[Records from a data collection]
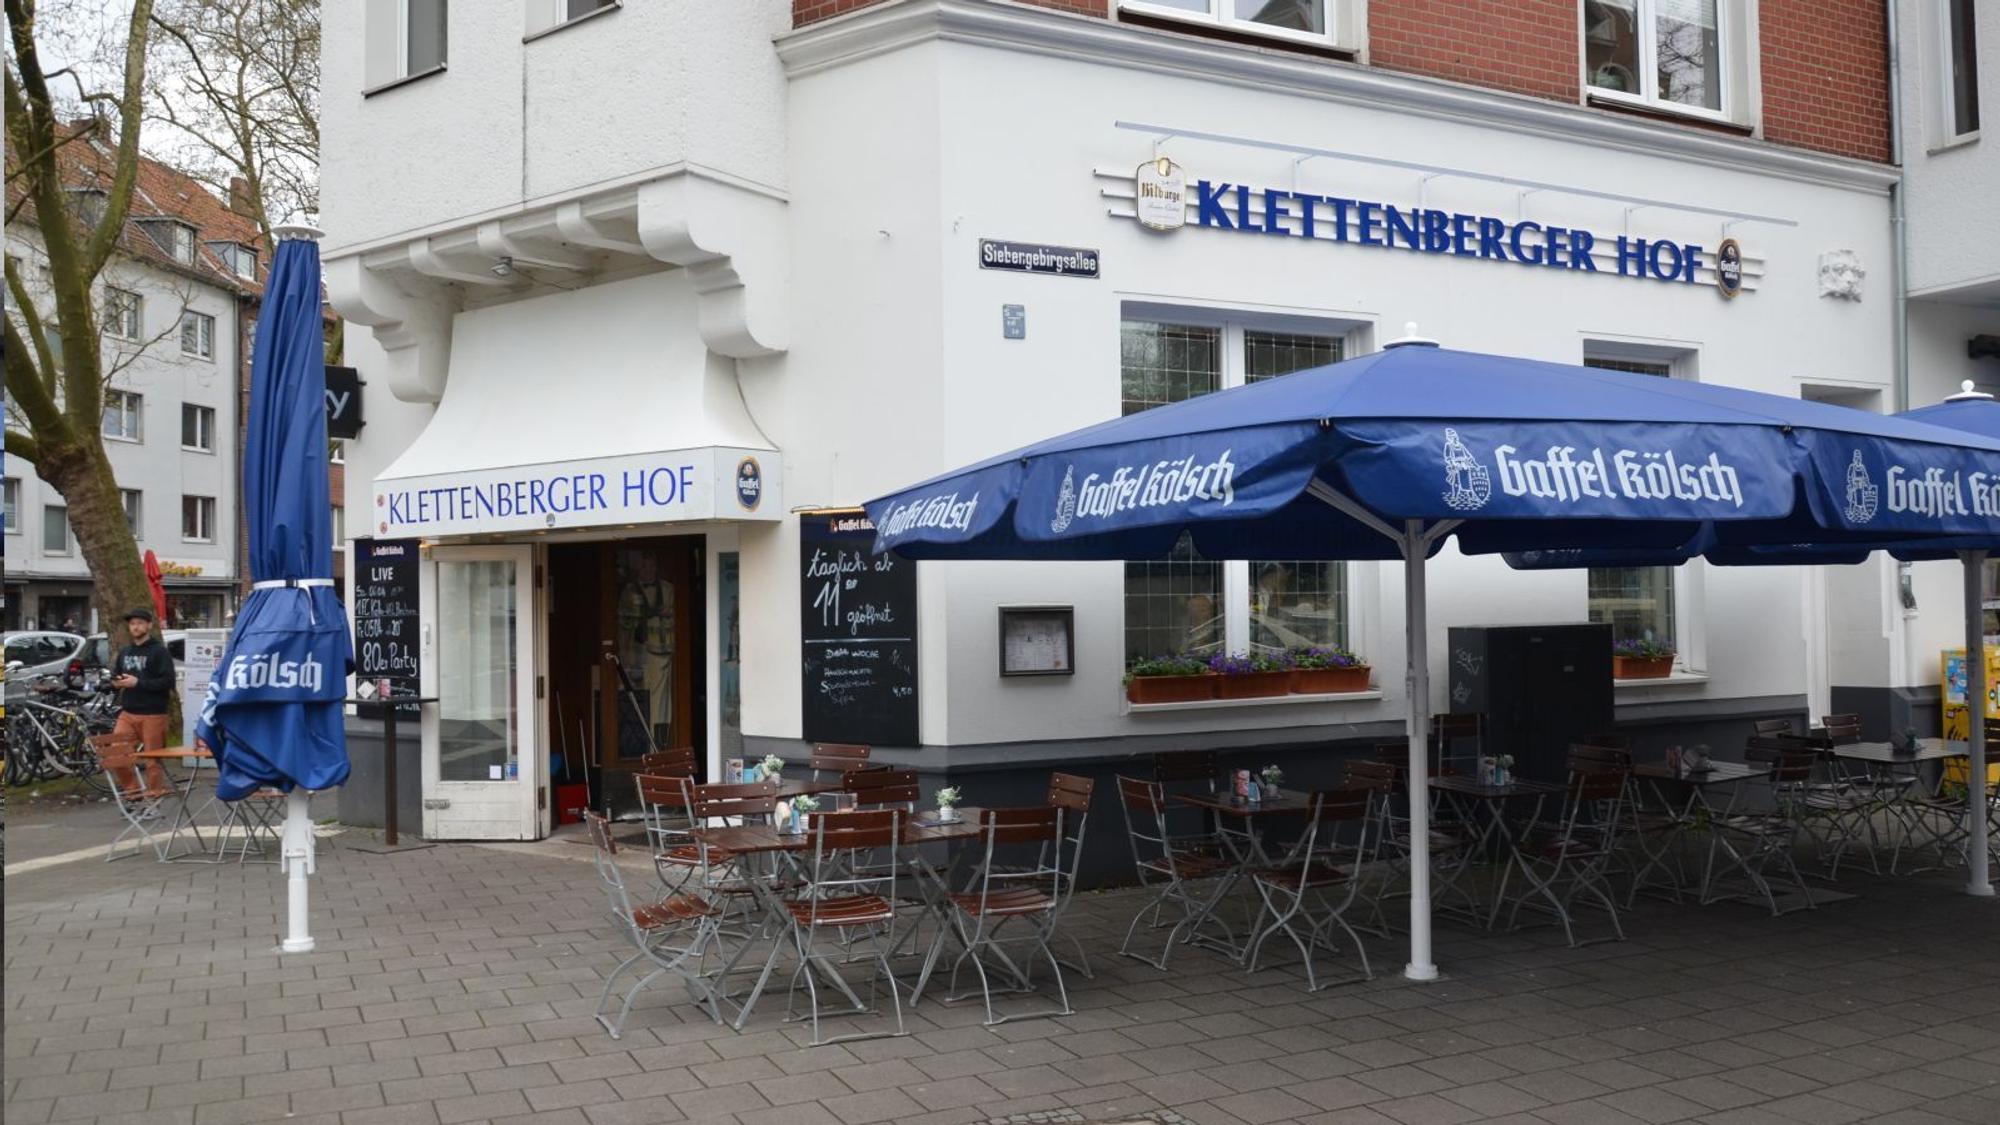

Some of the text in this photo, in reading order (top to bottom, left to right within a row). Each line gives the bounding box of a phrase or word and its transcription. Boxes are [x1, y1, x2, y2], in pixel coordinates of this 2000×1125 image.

[1198, 179, 1703, 284] KLETTENBERGER HOF
[984, 243, 1097, 273] Siebengebirgsallee
[389, 465, 695, 525] KLETTENBERGER HOF
[1076, 448, 1235, 519] Gaffel Kölsch
[1495, 444, 1743, 508] Gaffel Kölsch
[1886, 465, 1969, 519] Gaffel
[916, 491, 980, 533] Kölsch
[371, 567, 394, 581] LIVE
[806, 548, 894, 583] täglich ab
[847, 603, 895, 636] geöffnet
[225, 651, 322, 693] Kölsch
[362, 641, 417, 677] 80er Party

■ EXERCISE: Copy the records exactly; no image should appear in the result.

■ SOLUTION TO THIS TASK:
Some of the text in this photo, in reading order (top to bottom, left to right within a row). Each line gives the bounding box of a phrase or word and its transcription. Boxes are [x1, y1, x2, y2], in pixel coordinates of this 2000×1125 image.

[1198, 179, 1703, 284] KLETTENBERGER HOF
[984, 243, 1097, 273] Siebengebirgsallee
[389, 465, 695, 525] KLETTENBERGER HOF
[1076, 448, 1235, 519] Gaffel Kölsch
[1495, 444, 1743, 508] Gaffel Kölsch
[1886, 465, 1969, 519] Gaffel
[916, 491, 980, 533] Kölsch
[371, 567, 394, 581] LIVE
[806, 548, 894, 583] täglich ab
[847, 603, 895, 636] geöffnet
[225, 651, 322, 693] Kölsch
[362, 641, 417, 677] 80er Party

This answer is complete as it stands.